Medical tourism remains a strong economic driver for Bangkok

A question that must play on the mind of the many quality hospitals and medical facilities in Thailand, and especially in Bangkok, is how much will the creation of the ASEAN Economic Community (AEC) at the end of 2015 affect medical tourism?

The answer, of course, is not a definite, but some conclusions may be drawn based on the statistical variations of the past few years.

Bangkok has been a prime destination for ‘medical tourists’ for some years now. In 2010, figures released by the Ministry of Public Health suggested medical tourism was worth 78.74 billion baht with 1.98 million patients arriving in Thailand. The majority of these medical tourists came from Japan, followed by people from the ASEAN member states, the Middle East, United States, and the United Kingdom.
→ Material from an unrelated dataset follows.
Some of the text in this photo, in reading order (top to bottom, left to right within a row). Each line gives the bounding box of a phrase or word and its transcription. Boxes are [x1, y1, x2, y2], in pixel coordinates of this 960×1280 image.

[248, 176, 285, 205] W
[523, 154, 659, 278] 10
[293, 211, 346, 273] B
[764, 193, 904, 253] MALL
By 2012, the demographic had changed somewhat. Although Japan was still the number one customer, people from the United States ranked as second, ahead of the United Kingdom. Fourth position came from the Middle East, but restricted to nationals from the Gulf Cooperation Council (GCC), which consists of six countries: Saudi Arabia, Kuwait, United Arab Emirates, Qatar, Bahrain, and Oman. Moving into fifth place were citizens from Australia. All told, the 2012 numbers showed around 2.53 million people came to Thailand, and mainly into Bangkok, for medical tourism reasons. That represented an increase in numbers of 27 percent over the 2010 figures.
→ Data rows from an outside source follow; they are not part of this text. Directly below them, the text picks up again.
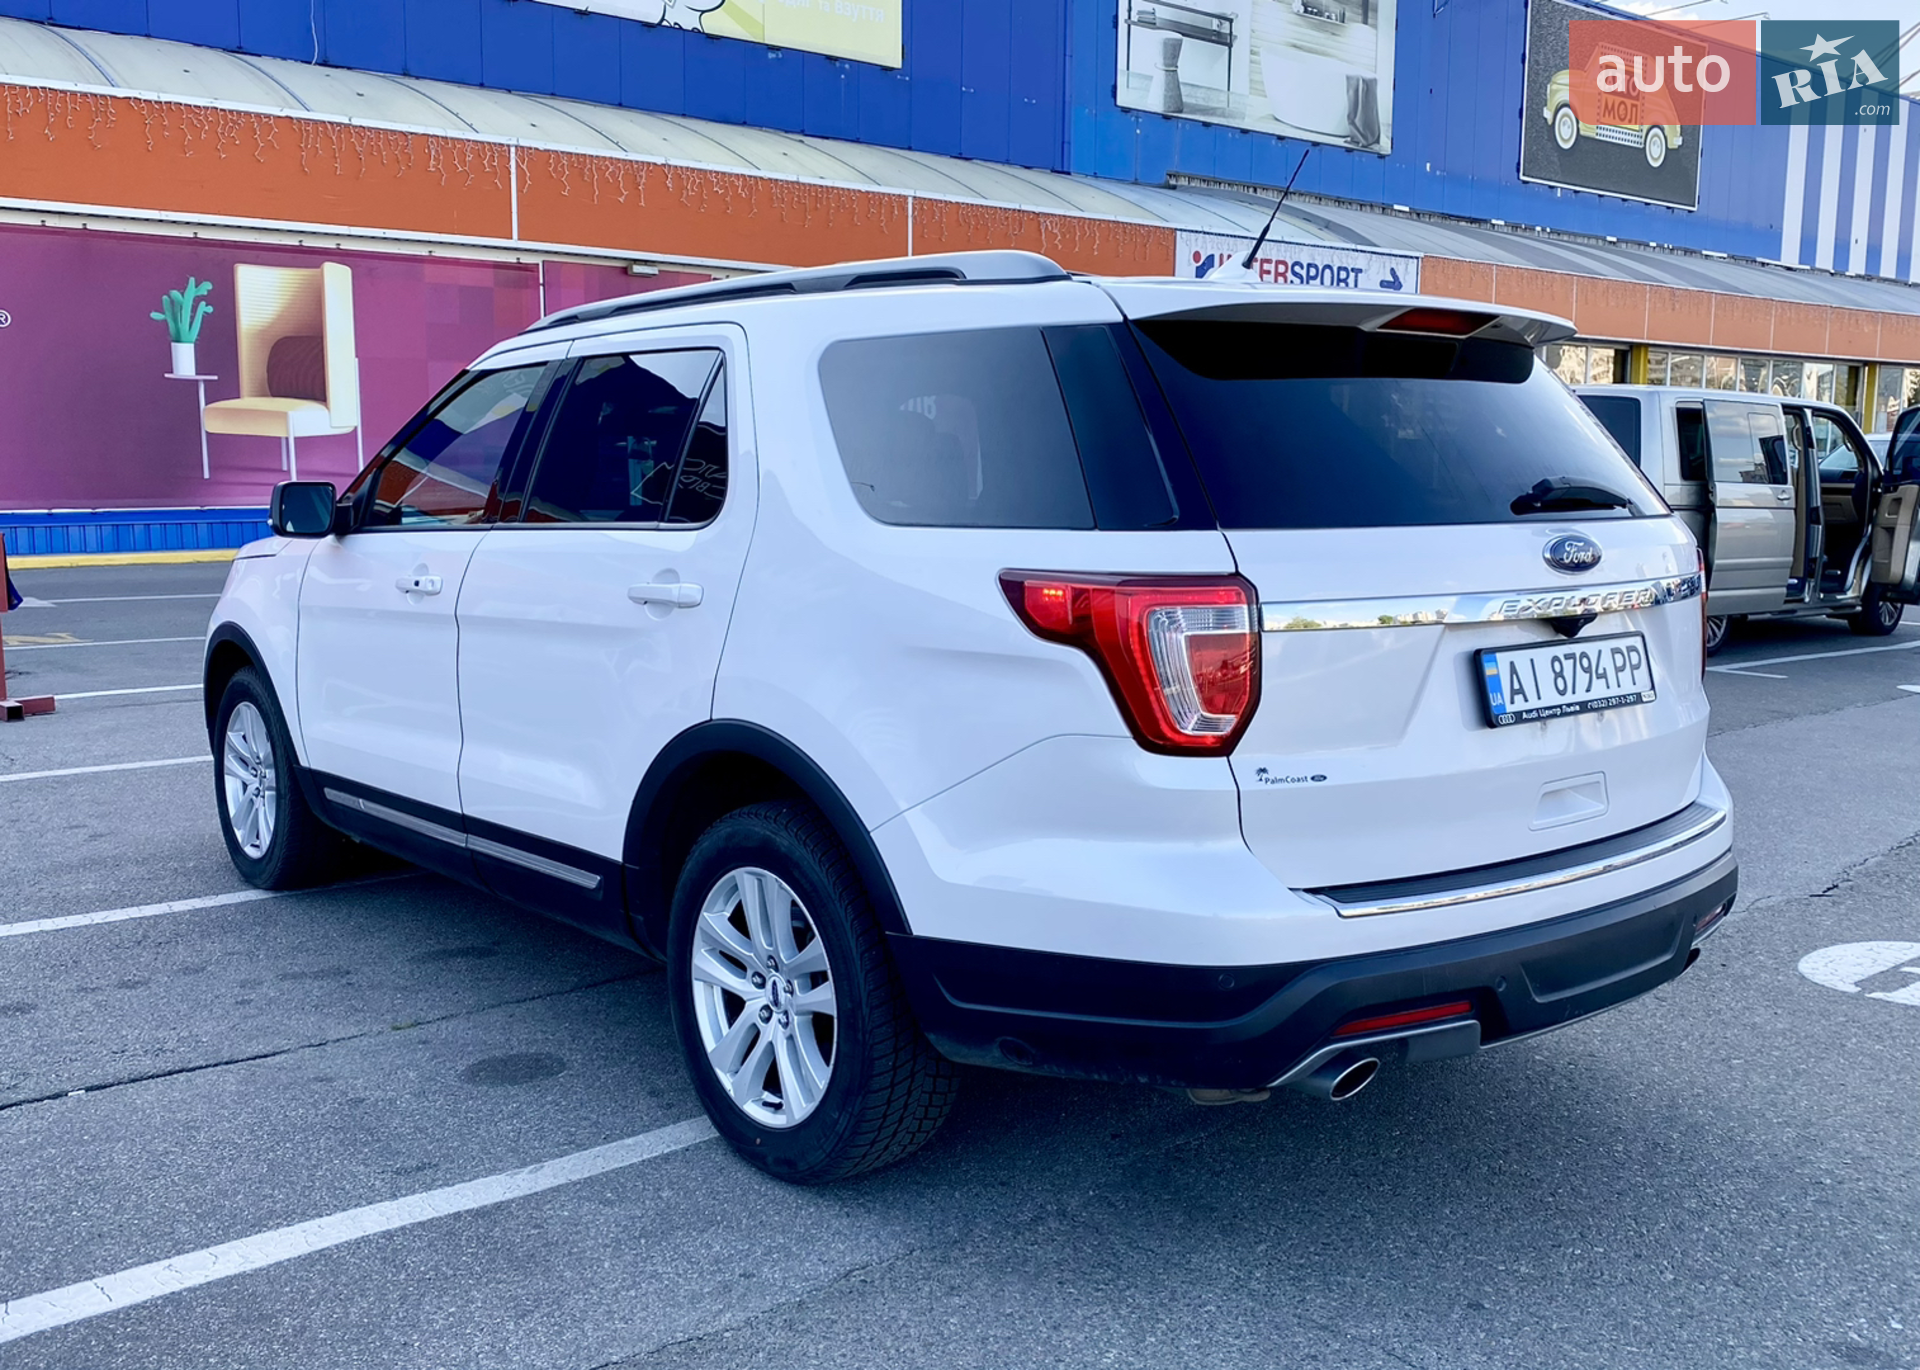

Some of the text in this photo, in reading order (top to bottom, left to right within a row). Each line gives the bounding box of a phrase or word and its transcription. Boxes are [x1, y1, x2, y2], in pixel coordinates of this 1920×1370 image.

[1602, 97, 1638, 125] МОЛ
[1563, 540, 1594, 564] Ford
[1499, 588, 1654, 614] EXPLORER
[1509, 645, 1642, 705] AI 8794 PP
[1490, 692, 1504, 706] UA
[1522, 709, 1538, 720] Audi
[1264, 775, 1308, 785] PalmCoast
Notably, ASEAN citizen numbers had dropped significantly. This is mainly because both Singapore and Malaysia have recognised the value of medical tourism and ramped up the quality and offerings to ASEAN nationals.

Apparently, the figures show that while Thailand has lost the ASEAN medical tourists, it has gained the US and UK long-haul travellers who are coming to the region for medical reasons. Thailand ranks as the second-most visited country by US nationals for medical services, behind Mexico.

Bumrungrad Hospital in Bangkok is probably the best-known in the country and it certainly climbed aboard the medical tourism bandwagon a long time ago. According to figures it has released, Bumungrad has seen its share of international patients rise from a substantial 55 percent in 2009 to 61 percent in both 2011 and 2012.

Thailand has enhanced its reputation in recent years as a country with internationally accredited medical facilities. Thailand was the first country in Asia to achieve Joint Commission International (JCI) accreditation in 2002, and as of the middle of 2014 there were 37 hospitals now accredited, with no less than 23 located in Bangkok.

More and more of Thailand’s medical professionals are highly qualified and a number have won awards for their work. Over 500+ doctors practicing in Thai hospitals are American Board Certified.

A major plus for Bangkok and Thailand is there are no waiting lists. There are sufficient qualified surgeons that there is little, if any, waiting for scheduling even the most complex and invasive procedures using state-of-the-art technology. This fast-track ability is especially popular with potential patients from the United Kingdom and Australia. For Americans, it’s the lower costs of medical treatment compared with the USA that is the attraction.

Depending on the procedure, recovery time might be as little as a few hours or last a few weeks if not longer. Chances are, once the procedure has taken place and recovery is complete, most of the patients will be on the first available flight out of Thailand. Yet, having had a little time in the country, albeit for medical reasons, it’s no real surprise that large numbers are not only recommending medical procedures inThailand but are often returning as regular tourists.